Das unreflektierte oder rücksichtslose Hinterherschauen unterscheidet sich wohl auch durch seine Dauer vom bedenkenlosen Hinterherschauen: Alles, was bis zu sieben Sekunden geht, ist im grünen Bereich. Nicht mehr im grünen Bereich sind gezielte akrobatische Einlagen, die mithin lebensbedrohlich enden können: Meine Klientin Silke erzählte, ihr Mann sei fast mit seinem Motorrad und ihr auf dem Sozius gestürzt, als er sich an einer Kreuzung nach einer attraktiven Radfahrerin den Hals verrenkte.

Abrundend ist wichtig, Blicke, die anderen gelten, eben nicht zur Selbstsabotage zu missbrauchen.

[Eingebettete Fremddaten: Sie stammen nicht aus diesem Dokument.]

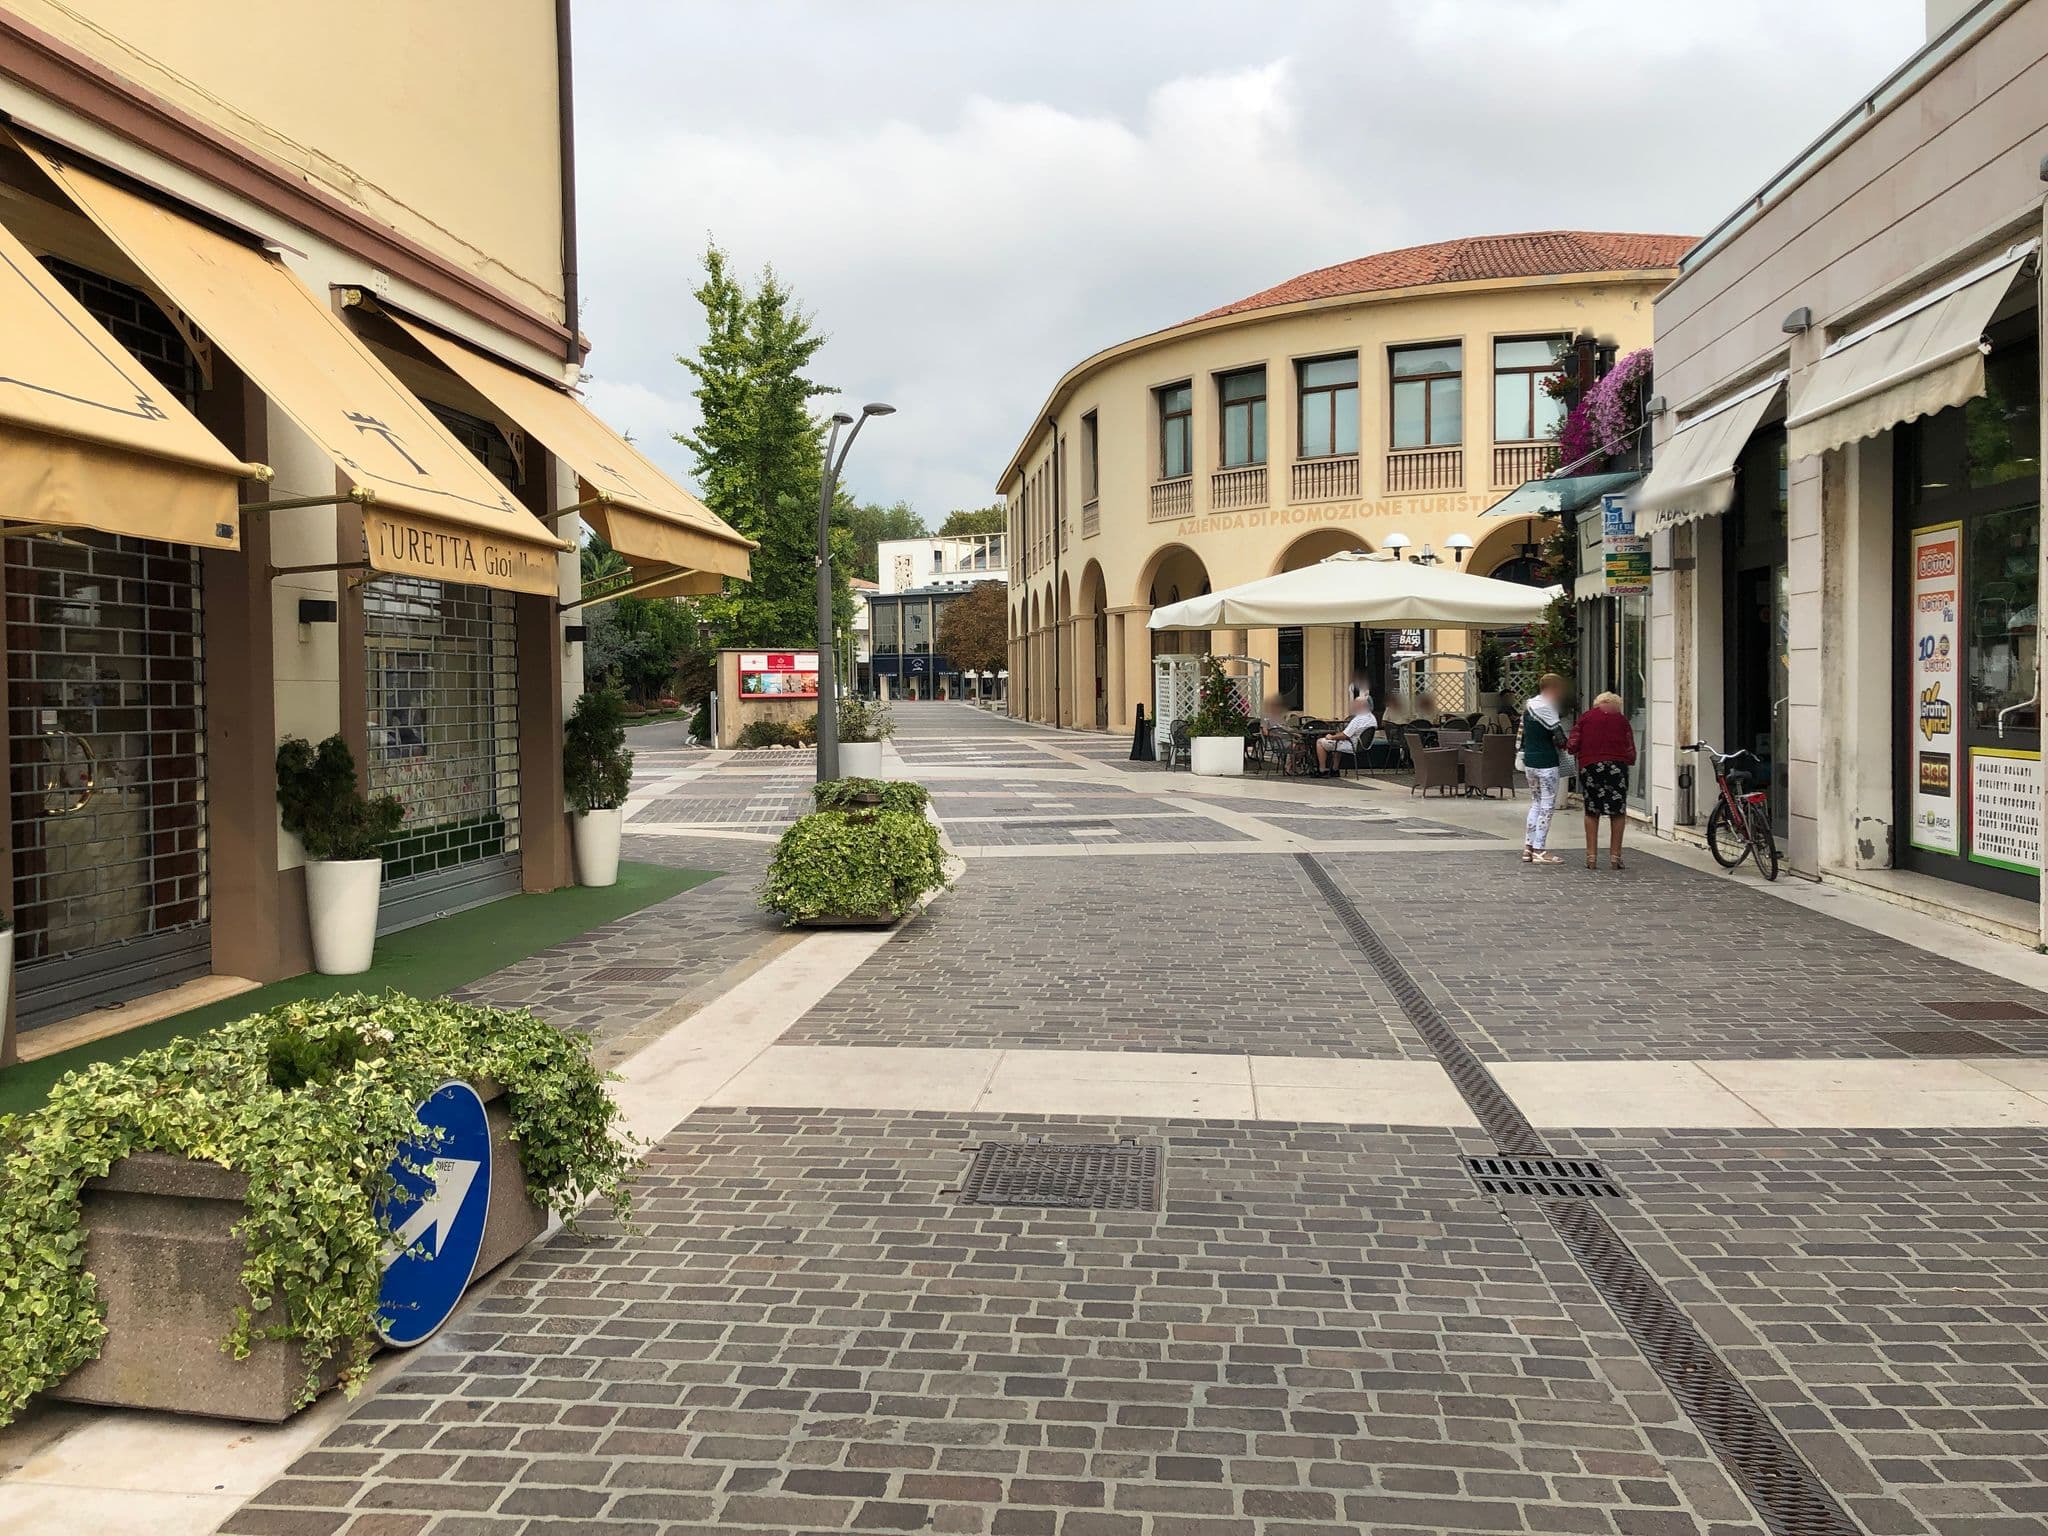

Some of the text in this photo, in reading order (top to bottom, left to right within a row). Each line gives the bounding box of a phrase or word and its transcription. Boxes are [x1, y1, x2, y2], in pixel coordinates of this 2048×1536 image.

[1177, 513, 1244, 536] AZIENDA
[1249, 511, 1267, 527] DI
[1270, 500, 1402, 525] PROMOZIONE
[1920, 553, 1953, 576] LOTTO
[1918, 635, 1935, 661] 10
[1921, 702, 1947, 717] Gratta
[1979, 779, 2011, 791] BIGLIETTI
[2013, 783, 2026, 793] BUS
[1979, 793, 1990, 804] FAX
[1999, 796, 2035, 810] FOTOCOPIE
[1979, 809, 2039, 826] RICARICHE CELLUL
[2000, 822, 2038, 836] PREPAGATE
[1979, 832, 2015, 847] PAGAMENTO
[1979, 842, 2021, 857] LOTTOMATICA
[435, 1161, 455, 1171] SWEET
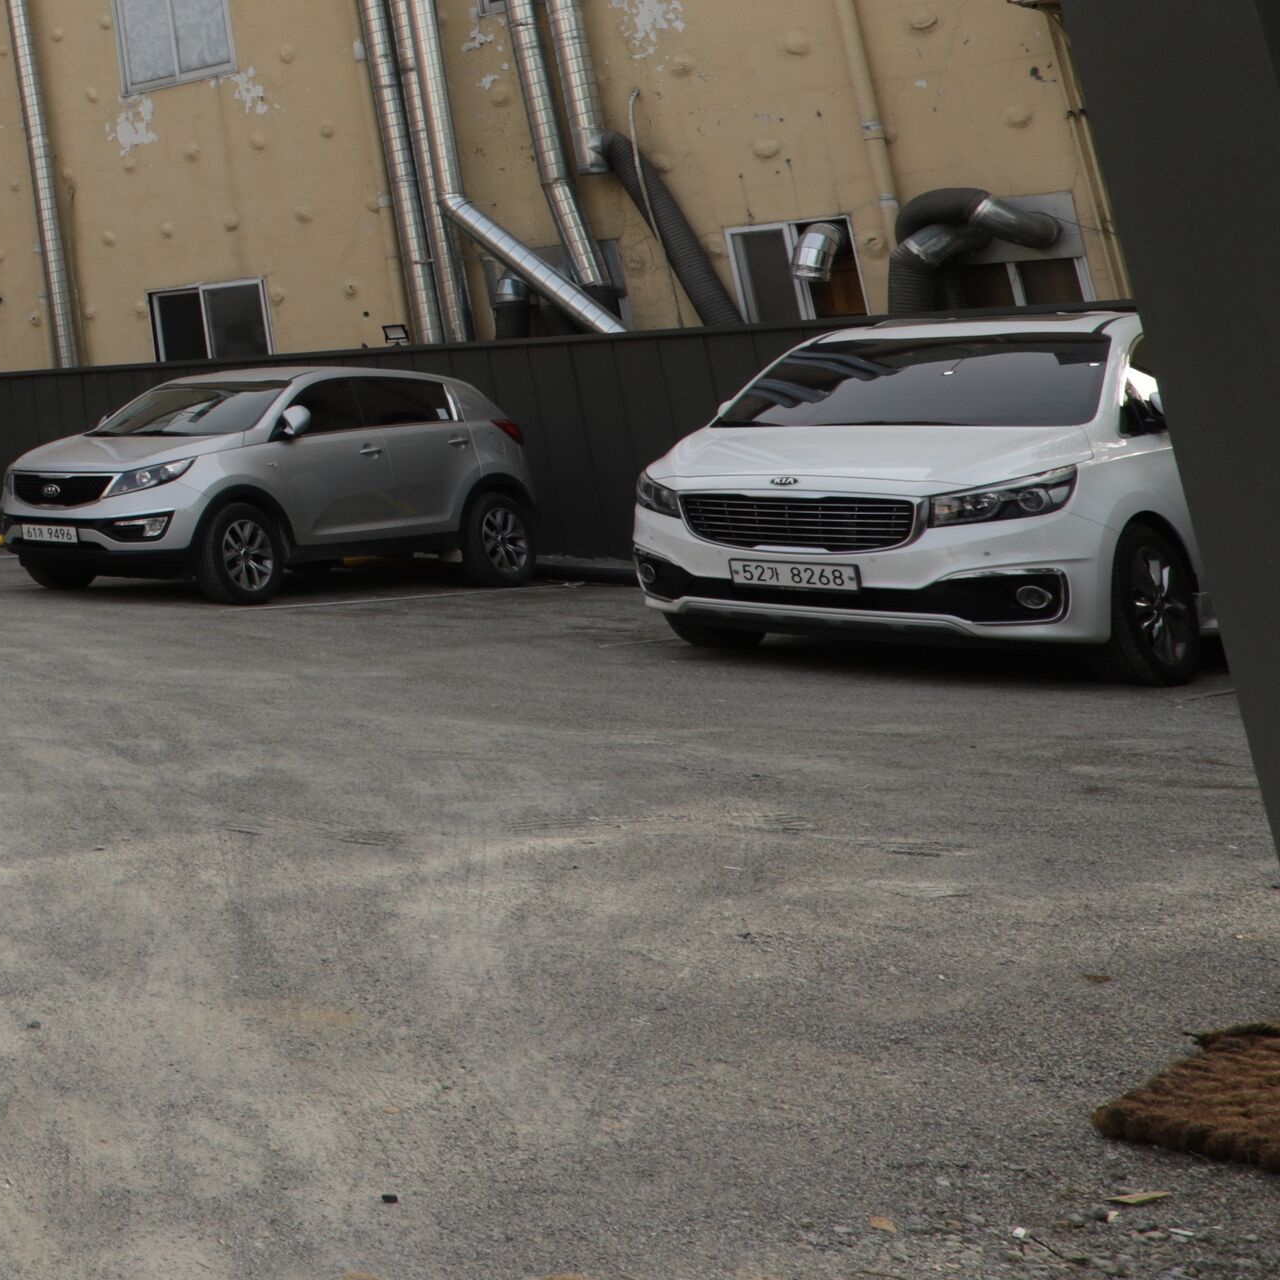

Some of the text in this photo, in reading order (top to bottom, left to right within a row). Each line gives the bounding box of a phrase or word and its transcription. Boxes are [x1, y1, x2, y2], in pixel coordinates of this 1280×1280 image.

[772, 476, 796, 485] KIA
[47, 527, 73, 540] 9496
[742, 563, 845, 587] 52가 8268
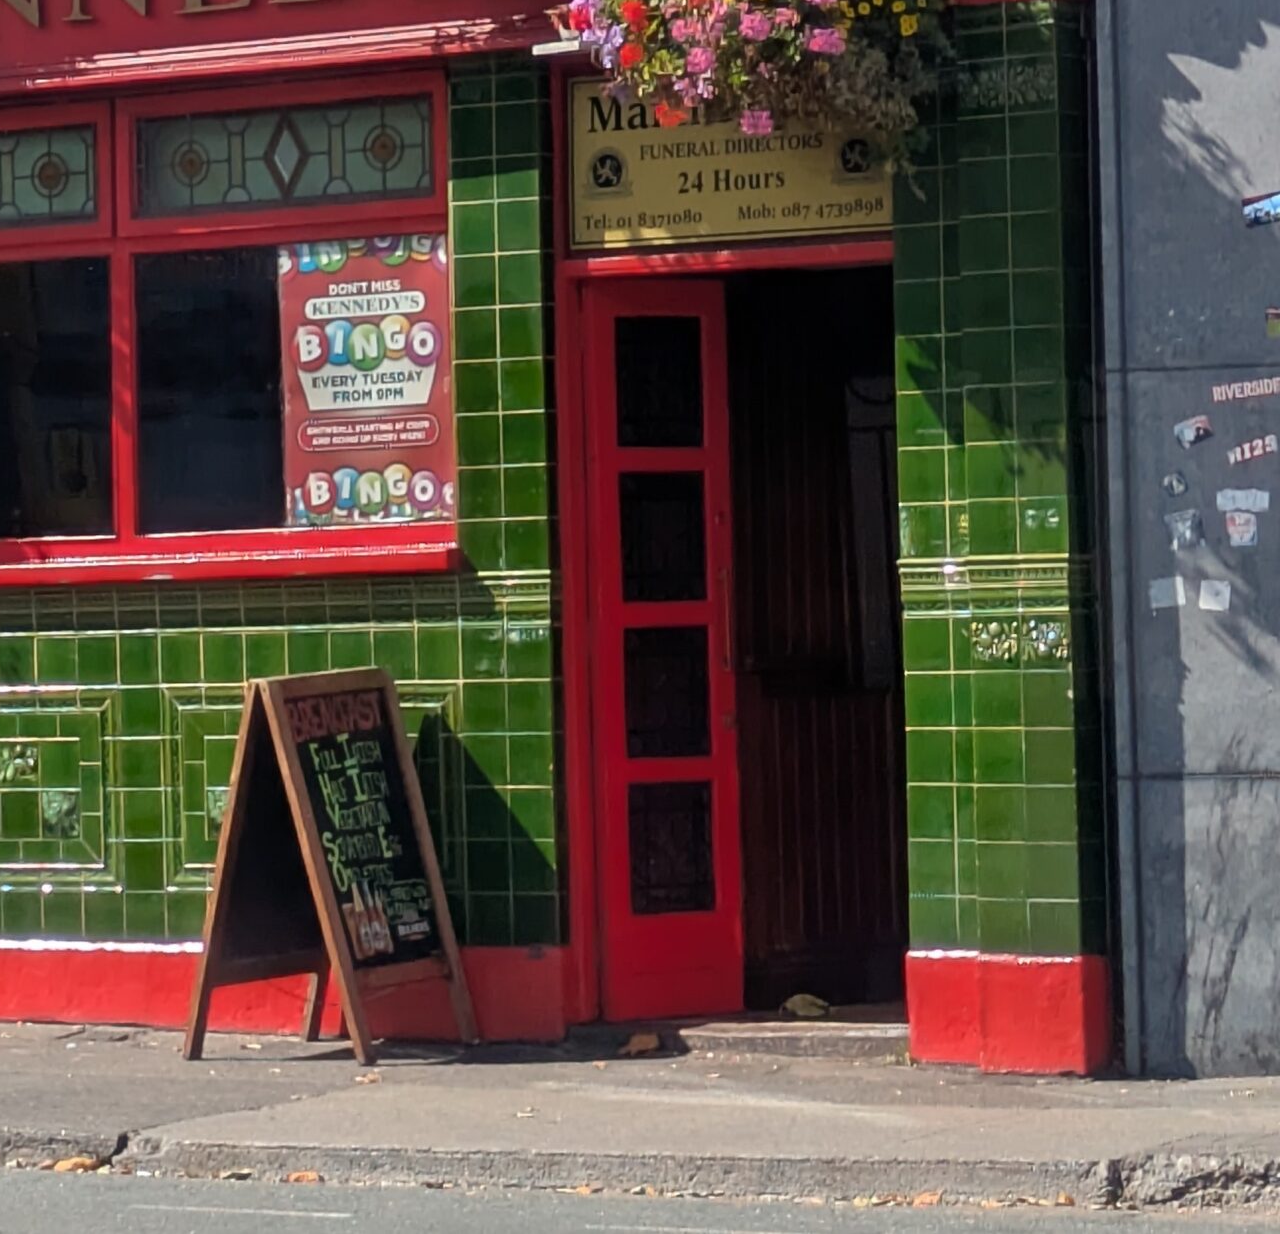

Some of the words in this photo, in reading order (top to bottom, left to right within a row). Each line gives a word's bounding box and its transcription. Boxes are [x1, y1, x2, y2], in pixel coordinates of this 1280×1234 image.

Nach dem Motto: "Jetzt bin ich ihm oder ihr nicht mehr gut beziehungsweise nicht mehr attraktiv genug." Äußern Sie stattdessen, wie es bei Ihnen ankommt, dass er die Aufmerksamkeit von Ihnen abzieht, und was Sie daran stört. Akzeptieren Sie mit Wohlwollen, ja, wirklich bewusstem Wohlwollen, dass Ihre geliebte Person auch noch andere attraktive Wesen wahrnimmt. Aber -und darauf kommt es in der Liebe an -dass er nichts tun würde, um Sie zu verletzen. Es ist ja nur Schauen. Und dabei bleibt es in einem guten Liebesleben auch, wobei nicht monogame Beziehungen hier freilich einen anderen Radius erlauben. Aber das ist dann eine andere Geschichte.